The comments that follow do not deal primarily with the rights of individuals bogged down in the legal process. Such questions are often associated to the issues now under thought, and indeed one can argue that respect for the systemic values advanced by the rule of law makes it all the more likely that human rights will be appreciated. The stress, however, is on the formal aspects of law than on substantive rights (Cochrane, et al 45). Although the two areas are regularly inextricably tangled, there are many universal issues arising from the administration of criminal justice, often deserted and of great significance that do not directly and honestly impose on the substantive rights of persons (Skoll, 56).

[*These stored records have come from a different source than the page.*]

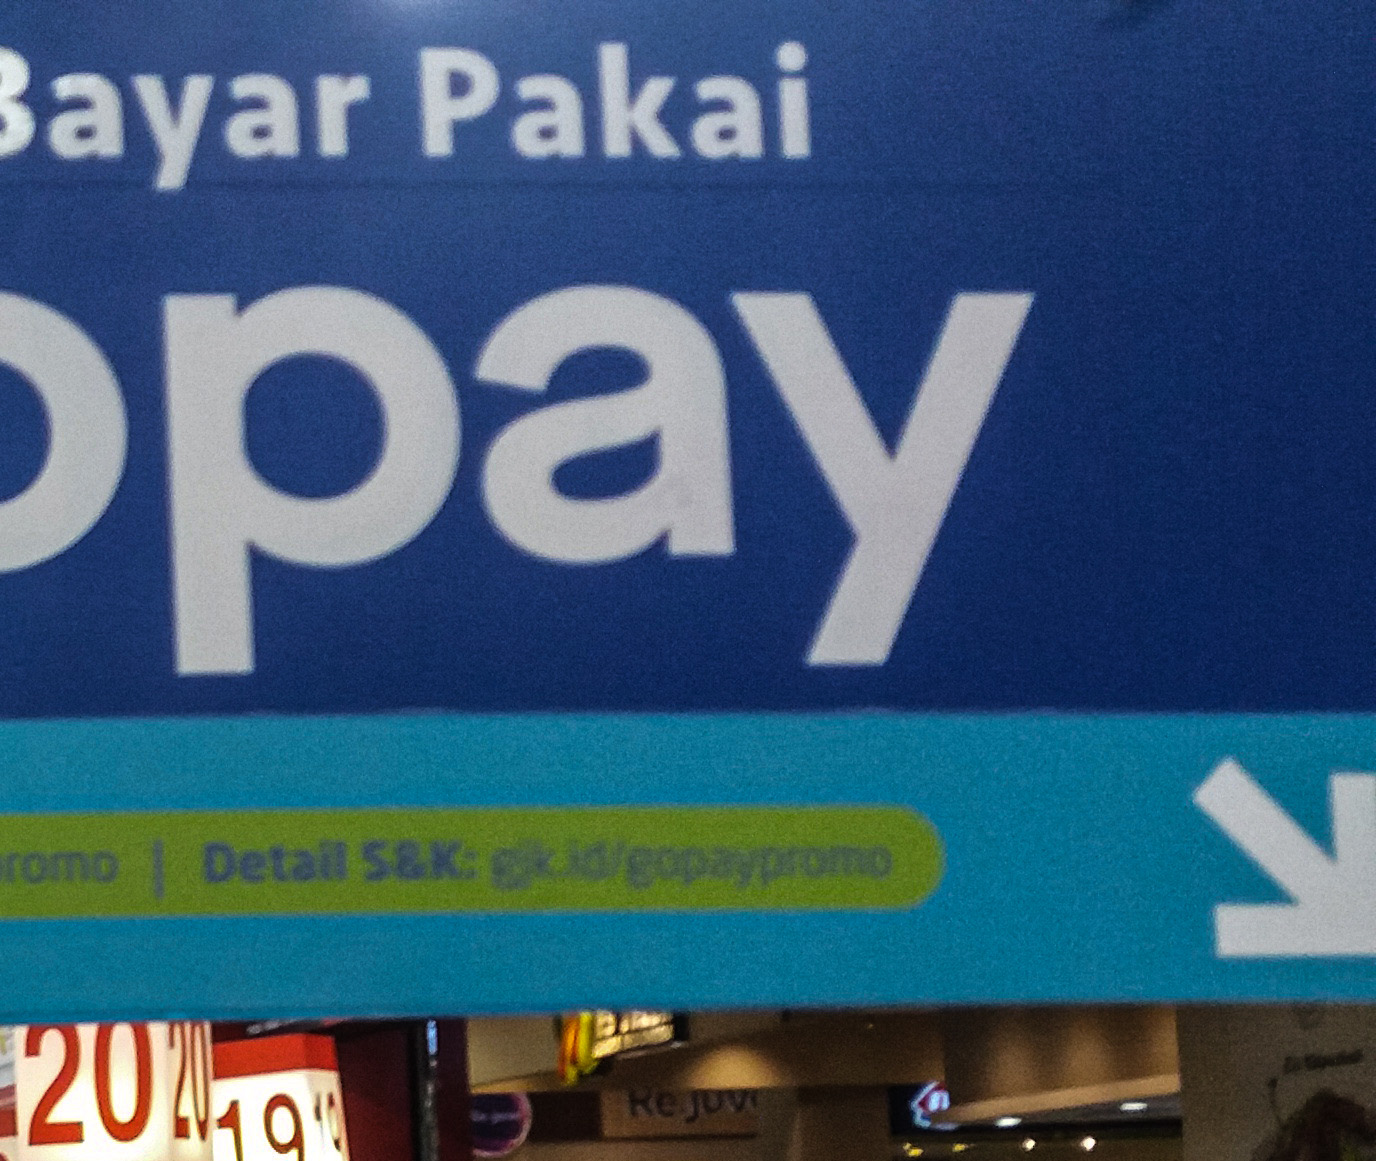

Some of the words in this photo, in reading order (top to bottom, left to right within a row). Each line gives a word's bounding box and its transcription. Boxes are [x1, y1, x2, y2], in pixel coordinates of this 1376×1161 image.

[420, 42, 808, 159] Pakai
[201, 840, 347, 884] Detail
[362, 839, 477, 883] S&K:
[25, 1023, 154, 1146] 20
[168, 1023, 211, 1142] 20
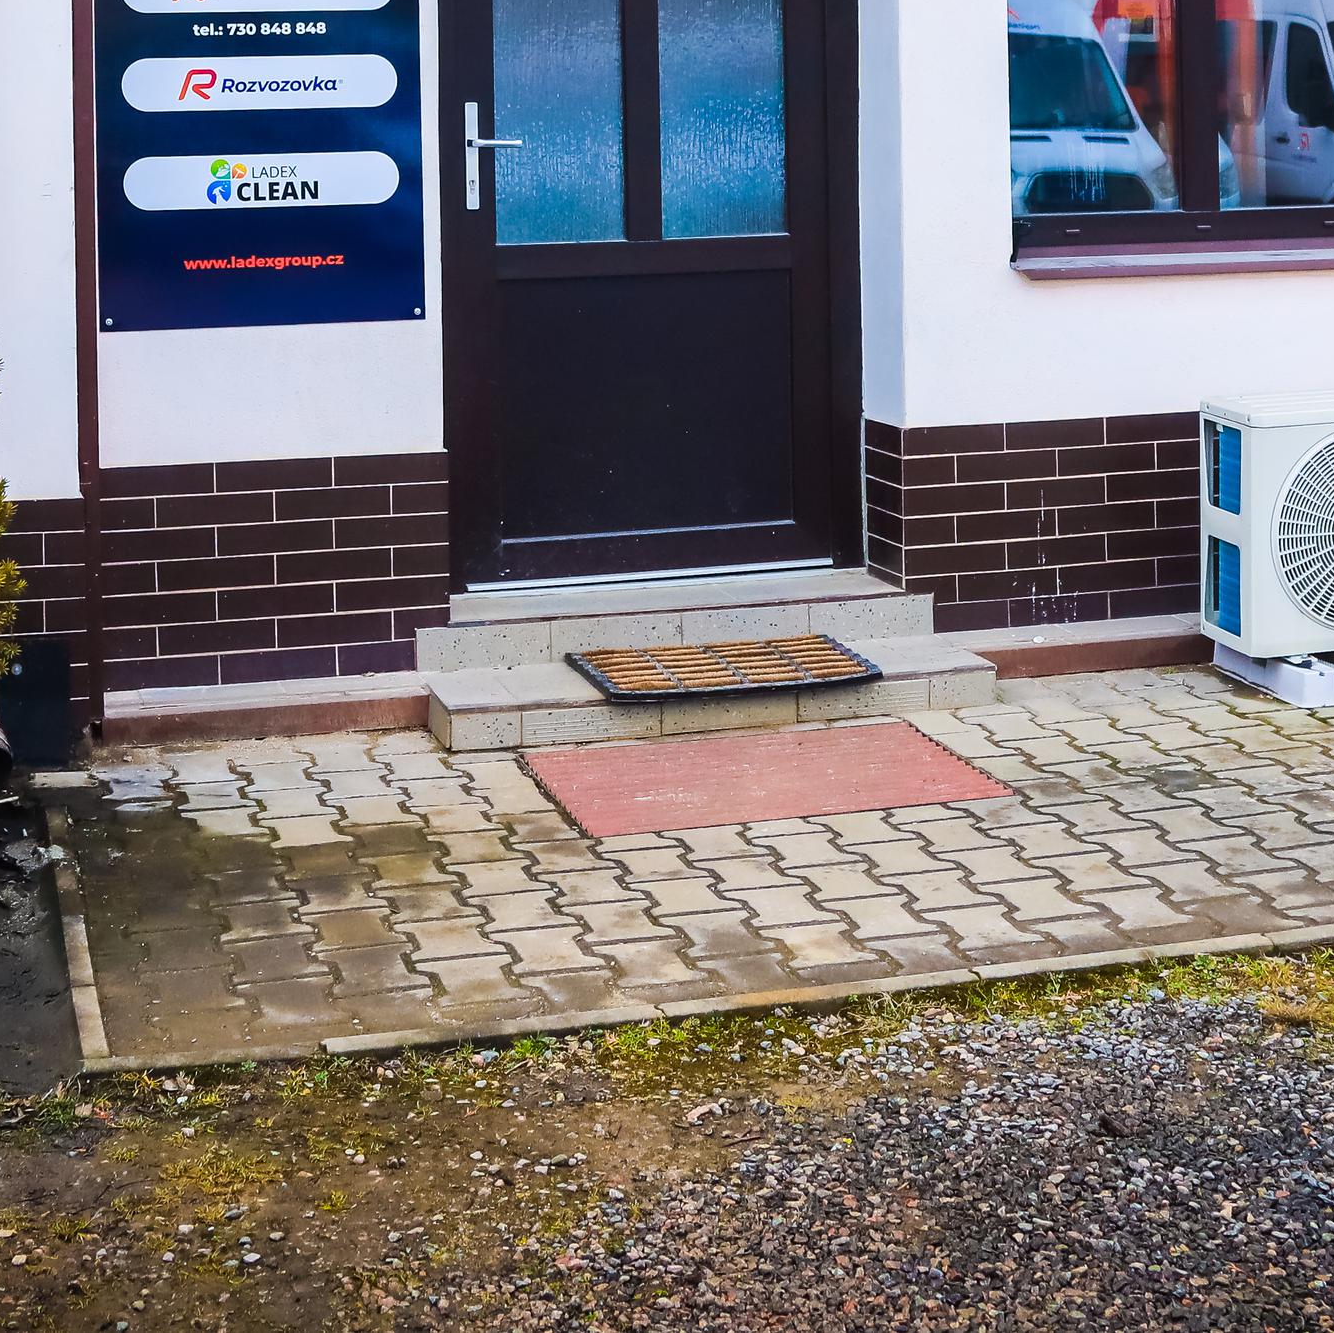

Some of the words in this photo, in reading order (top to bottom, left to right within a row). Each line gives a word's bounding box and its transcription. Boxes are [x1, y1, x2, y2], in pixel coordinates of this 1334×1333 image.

[192, 22, 223, 36] tel.:
[226, 22, 257, 36] 730
[260, 22, 292, 35] 848
[295, 21, 327, 35] 848
[221, 75, 338, 93] Rozvozovka
[251, 165, 298, 179] LADEX
[236, 180, 320, 202] CLEAN
[183, 254, 344, 270] www.ladexgroup.cz

Maybe the most obvious restriction on the scope of the present remarks is that which limits them mainly to the areas of criminal justice. The readiest clarification of the limitation, of course, is the limited competence of the writer. A more substantive case for the focus on criminal justice can perhaps be made. If that is the case, it might well begin with a scrutiny of Montesquieu: “It is… on the goodness of criminal laws that the liberty of the subject principally depends,” he wrote in The Spirit of Laws” (Cochrane, et al 34). The knowledge already obtained… concerning the surest regulations to be observed in criminal judgments, is more attractive than any other thing in the world.” The declaration, calculated to bring joy to teachers of criminal law, merits a minute of serious consideration by others. According to Akers, criminal and delinquent behaviors’ is acquired, repeated and changed by the same process as conforming behavior (Akers, 115). The legality ideal tackles its sternest tests in the areas of criminal justice for a huge number of reasons. Primararily, the suggestion of chance state power are mainly somber here because of the harshness of the sanctions administrated by the criminal law and of the status-degrading potency of criminal events. Second, the threat of crime and the indignation it produces often tempt officials to commit and the public to approve negligence toward, and sometimes pay no attention to, the legality of their efforts at crime repression (Skoll, 12).

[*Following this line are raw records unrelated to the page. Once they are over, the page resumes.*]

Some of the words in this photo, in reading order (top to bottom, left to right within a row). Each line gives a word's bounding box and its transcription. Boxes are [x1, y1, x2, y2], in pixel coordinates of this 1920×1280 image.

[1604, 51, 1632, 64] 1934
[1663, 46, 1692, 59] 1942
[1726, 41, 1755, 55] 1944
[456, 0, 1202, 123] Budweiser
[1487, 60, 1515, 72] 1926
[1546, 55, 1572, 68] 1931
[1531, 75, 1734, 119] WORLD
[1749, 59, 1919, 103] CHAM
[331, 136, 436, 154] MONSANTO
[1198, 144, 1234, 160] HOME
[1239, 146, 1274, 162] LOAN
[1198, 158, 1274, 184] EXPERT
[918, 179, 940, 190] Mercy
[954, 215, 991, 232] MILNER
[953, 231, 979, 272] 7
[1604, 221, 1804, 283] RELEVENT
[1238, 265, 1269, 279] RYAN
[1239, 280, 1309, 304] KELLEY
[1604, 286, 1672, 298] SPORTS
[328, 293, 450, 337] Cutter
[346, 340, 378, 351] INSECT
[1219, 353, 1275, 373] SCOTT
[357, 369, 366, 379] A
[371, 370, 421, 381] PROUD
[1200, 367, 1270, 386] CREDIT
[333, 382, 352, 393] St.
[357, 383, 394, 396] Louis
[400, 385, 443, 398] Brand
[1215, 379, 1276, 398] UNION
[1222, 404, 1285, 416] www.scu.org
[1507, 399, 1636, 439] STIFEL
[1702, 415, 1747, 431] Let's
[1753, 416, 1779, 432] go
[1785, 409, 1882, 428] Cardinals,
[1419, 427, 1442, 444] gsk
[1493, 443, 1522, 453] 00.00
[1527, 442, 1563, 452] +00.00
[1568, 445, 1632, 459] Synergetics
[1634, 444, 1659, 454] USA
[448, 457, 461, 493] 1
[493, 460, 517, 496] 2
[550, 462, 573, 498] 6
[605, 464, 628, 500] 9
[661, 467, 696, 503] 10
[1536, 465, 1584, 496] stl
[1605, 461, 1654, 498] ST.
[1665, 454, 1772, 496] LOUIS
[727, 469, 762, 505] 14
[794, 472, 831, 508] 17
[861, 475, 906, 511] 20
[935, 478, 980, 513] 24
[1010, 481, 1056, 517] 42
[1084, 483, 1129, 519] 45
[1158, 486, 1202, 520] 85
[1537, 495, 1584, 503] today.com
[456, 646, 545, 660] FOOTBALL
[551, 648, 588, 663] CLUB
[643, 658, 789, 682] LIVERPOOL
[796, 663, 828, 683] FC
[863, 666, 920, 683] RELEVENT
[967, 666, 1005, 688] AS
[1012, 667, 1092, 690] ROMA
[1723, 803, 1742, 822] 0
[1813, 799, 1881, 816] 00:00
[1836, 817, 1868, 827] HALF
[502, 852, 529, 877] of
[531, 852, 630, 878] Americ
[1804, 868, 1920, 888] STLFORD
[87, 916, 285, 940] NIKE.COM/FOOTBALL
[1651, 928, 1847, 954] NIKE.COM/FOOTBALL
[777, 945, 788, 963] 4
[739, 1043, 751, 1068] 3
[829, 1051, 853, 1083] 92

But more needs to be said. A basic end of a legal system in a liberal society is to add to conditions consistent with the development of a powerful sense of independence and personhood in its members. Individuals capable of directing their own lives and fortune and of making their aid to civic well-being Most lines of action in a society are conventional (Akers, 34). These fundamental objectives are put in danger by uncontrolled criminality and by subjective responses of countervailing power by public officers or by laws as unsure in their meanings and applications as to deteriorate the sense of security of individual members of society. furthermore, the criminal justice system is the great educator. What large numbers of the populace know or believe about the legal order is resultant principally from their comments of and sometimes participation in the criminal justice system. Such impressions therefore are influential determinants of the levels of trustworthiness to the law demonstrated by the population. For those attracted to sacrifice the values of authority while pursuing substantive objectives in other areas of public policy, suggestions on the effect of such erosions of the rule of law on the management of criminal justice might well induce clear-headed second thoughts.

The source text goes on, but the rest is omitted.